Sauf en traitement de l’information : l’expression « système d’information » va souvent remplacer le mot « informatique ». Elle permet notamment de distinguer « système d’information » (IS) de « technologies de l’information » (IT). Comme on disait dans la Marine : » il y a les officiers de pont et les officiers de machines ».

Personnellement, et malgré ma coopération avec Le Moigne aussi bien que tout ce que m’apporte le ceGSI (Club européen pour la gouvernance des systèmes d’information), je continue à penser avec [Mélèse] que les système d’information ne conduisent conceptuellement qu’à une impasse, même s’il s’avère bien pratique dans la vie des entreprise. Il est plus motivant d’être DSI que DI…

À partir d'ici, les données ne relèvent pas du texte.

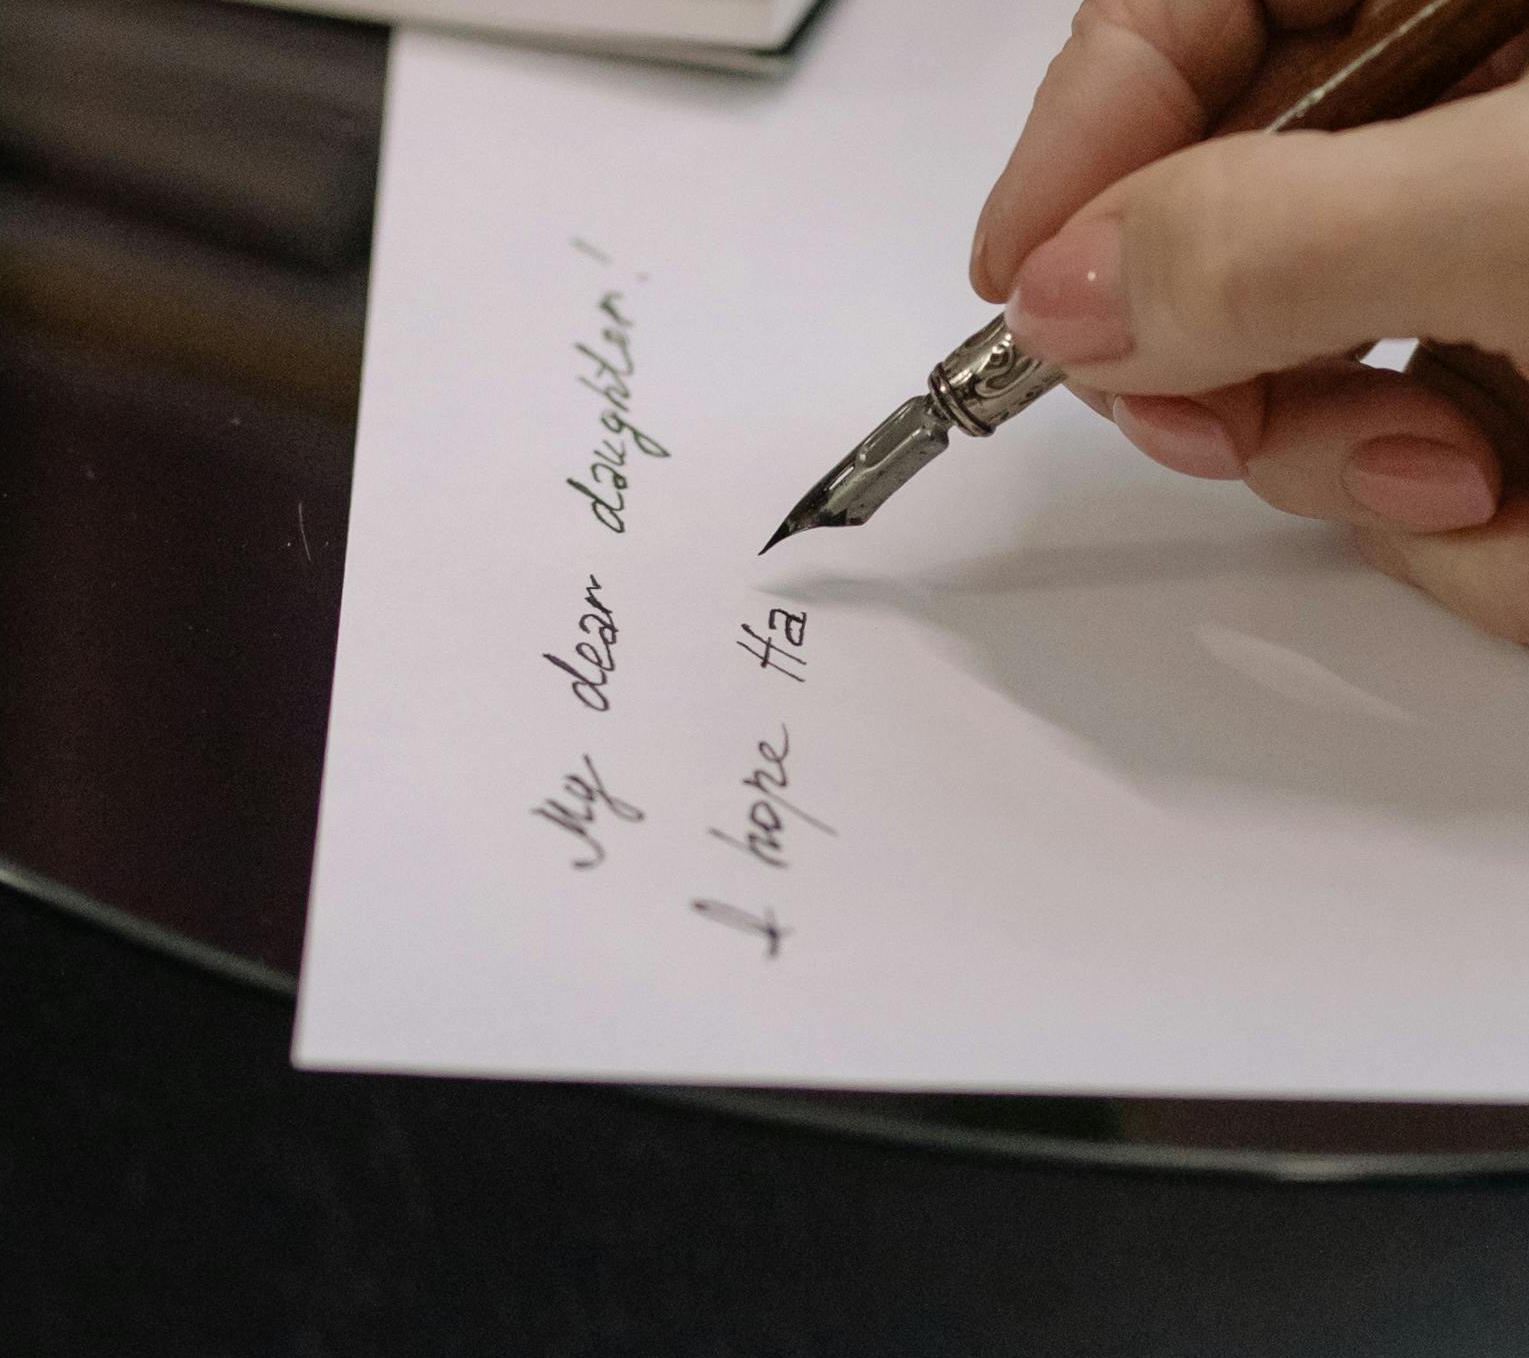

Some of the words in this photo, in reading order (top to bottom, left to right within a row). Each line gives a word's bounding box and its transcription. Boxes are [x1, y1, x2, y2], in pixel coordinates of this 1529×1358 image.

Le système d’information, à l’époque, et notamment dans les premiers écrits de [Le Moigne] c’est donc essentiellement une représentation de ce qui se passe dans l’entreprise et qui permet de la diriger.

Du point de vue des utilisateurs, cette période a été étudiée en profondeur par la thèse « L’informatique de gestion, entre technique pure et outil de gestion » de Marie-Aline de Rocquigny [Rocquigny] en 2015.



En allant des schémas techniques de Forrester à l'épistémologie holiste d'Edgar Morin, la systémique va même prendre un tour social avec les lois Auroux.

A titre personnel, en tant que journaliste et rédacteur en chef d’une revue assez influente, Informatique et Gestion, j’ai fait tout mon possible pour encourage cette convergence de l’humain de de la machine.

Cette belle convergence tente de se concrétiser dans le domaine de la recherche.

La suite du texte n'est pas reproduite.